EXERCISE DESCRIPTION
For the entries that appear below, write out the exact text and omit the pictures.

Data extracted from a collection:
+===+

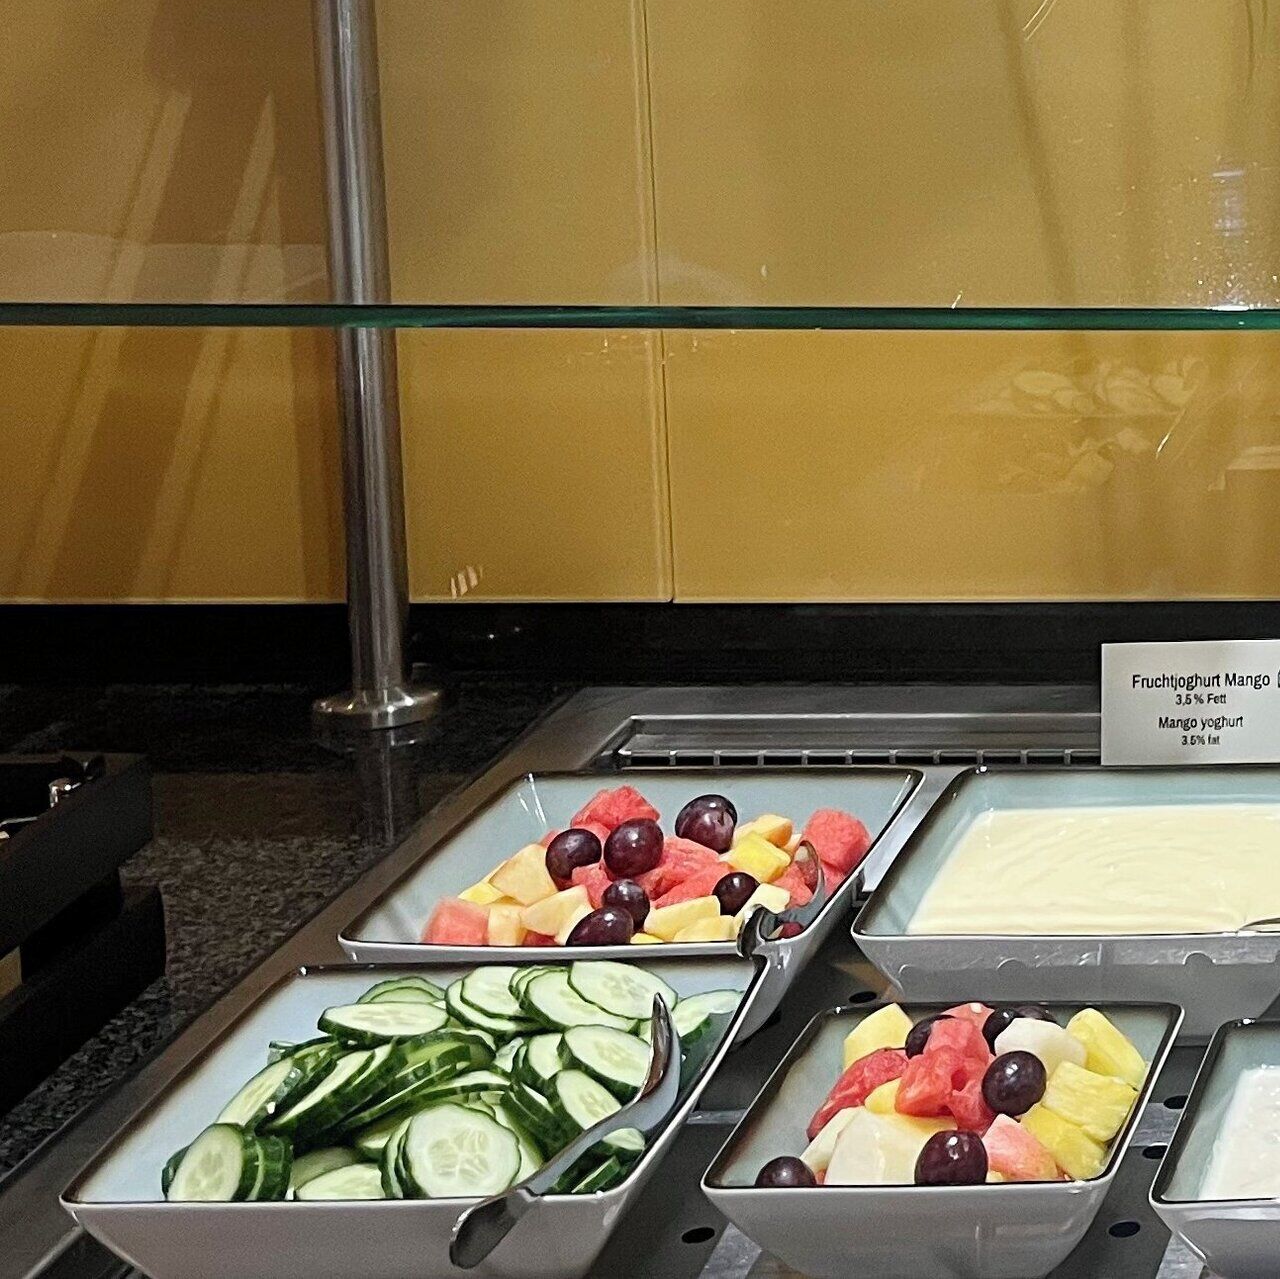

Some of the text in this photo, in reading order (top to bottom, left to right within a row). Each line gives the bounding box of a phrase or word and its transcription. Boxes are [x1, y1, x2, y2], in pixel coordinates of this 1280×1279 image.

[1132, 673, 1271, 691] Fruchtjoghurt Mango
[1207, 693, 1227, 704] Fett
[1158, 716, 1243, 731] Mango yoghurt
[1207, 735, 1220, 745] fat
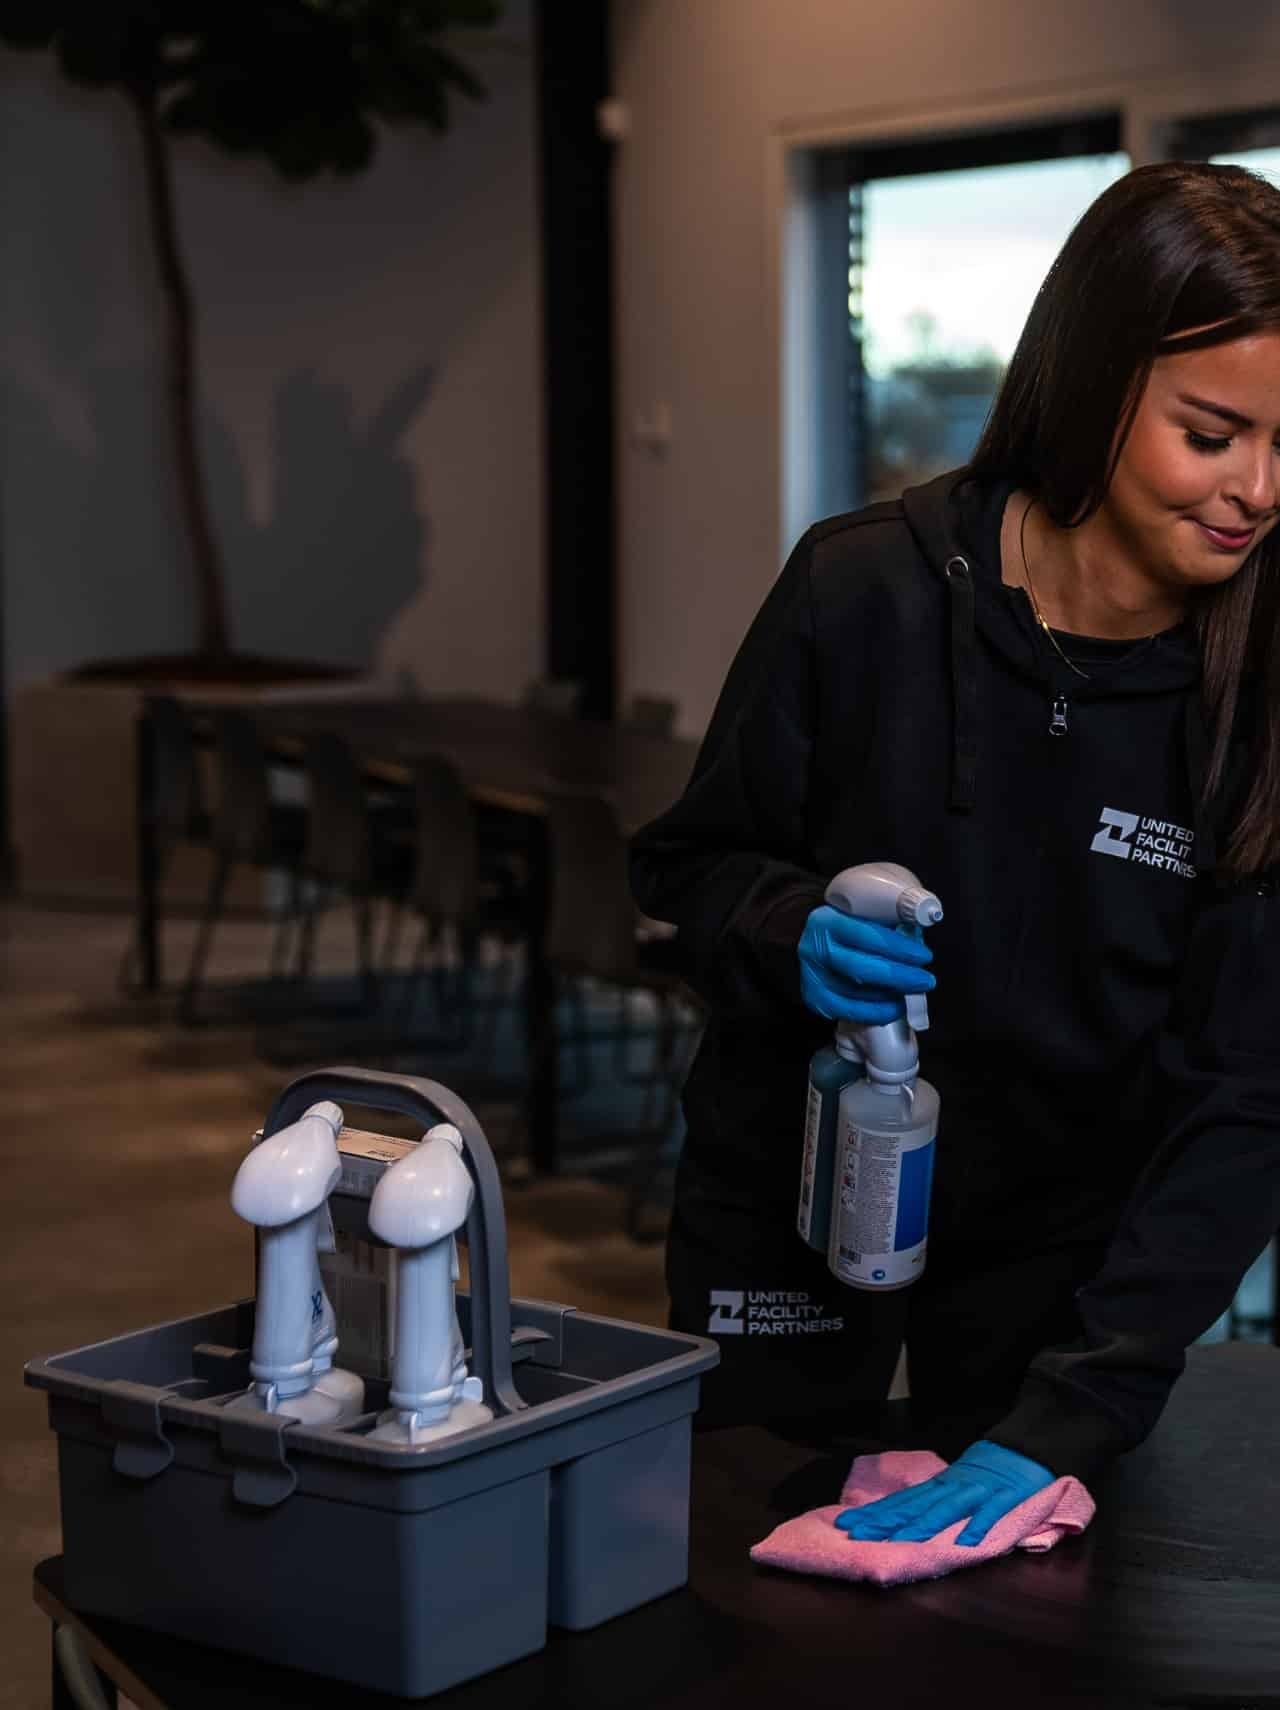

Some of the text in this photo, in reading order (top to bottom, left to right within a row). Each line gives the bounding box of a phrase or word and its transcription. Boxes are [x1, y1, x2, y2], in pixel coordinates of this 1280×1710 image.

[1141, 816, 1195, 842] UNITED
[1135, 832, 1193, 859] FACILIT
[1131, 847, 1198, 879] PARTNRS
[747, 1290, 809, 1304] UNITED
[747, 1304, 824, 1319] FACILITY
[747, 1317, 844, 1335] PARTNERS
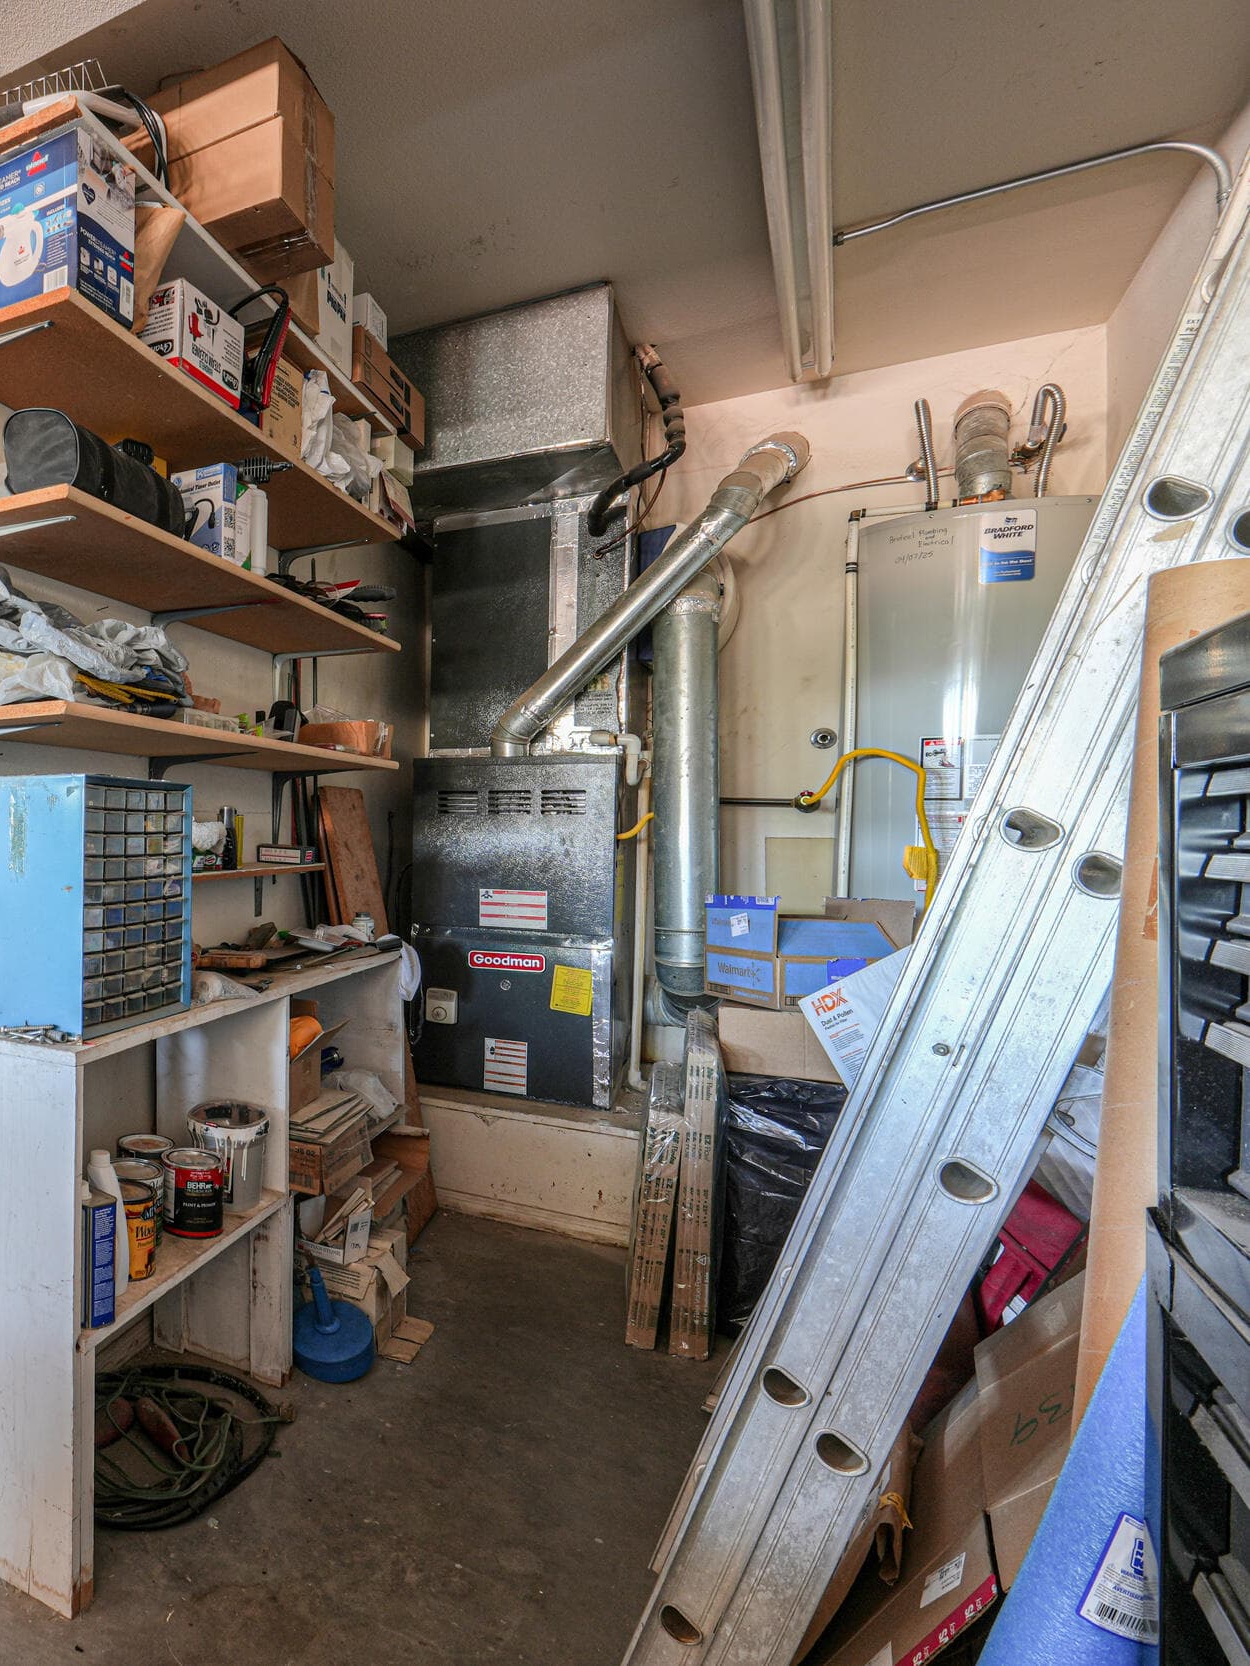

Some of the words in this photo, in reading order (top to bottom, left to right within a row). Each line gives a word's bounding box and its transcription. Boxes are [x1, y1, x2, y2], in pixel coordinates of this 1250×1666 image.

[984, 524, 1034, 534] BRADFORD
[993, 531, 1024, 539] WHITE
[473, 953, 540, 968] Goodman
[718, 962, 751, 977] Walmart
[811, 987, 849, 1017] HDX
[837, 1008, 854, 1019] Pollen

+===+

EXERCISE ANSWER
Some of the text in this photo, in reading order (top to bottom, left to right within a row). Each line gives the bounding box of a phrase or word and its transcription. Boxes are [x1, y1, x2, y2], in pixel coordinates of this 1280×1279 image.

[1132, 673, 1271, 691] Fruchtjoghurt Mango
[1207, 693, 1227, 704] Fett
[1158, 716, 1243, 731] Mango yoghurt
[1207, 735, 1220, 745] fat

Some of the text in this photo, in reading order (top to bottom, left to right within a row). Each line gives the bounding box of a phrase or word and its transcription. Boxes are [x1, y1, x2, y2], in pixel coordinates of this 1280×1710 image.

[1141, 816, 1195, 842] UNITED
[1135, 832, 1193, 859] FACILIT
[1131, 847, 1198, 879] PARTNRS
[747, 1290, 809, 1304] UNITED
[747, 1304, 824, 1319] FACILITY
[747, 1317, 844, 1335] PARTNERS

Some of the words in this photo, in reading order (top to bottom, left to right within a row). Each line gives a word's bounding box and its transcription. Boxes are [x1, y1, x2, y2], in pixel coordinates of this 1250×1666 image.

[984, 524, 1034, 534] BRADFORD
[993, 531, 1024, 539] WHITE
[473, 953, 540, 968] Goodman
[718, 962, 751, 977] Walmart
[811, 987, 849, 1017] HDX
[837, 1008, 854, 1019] Pollen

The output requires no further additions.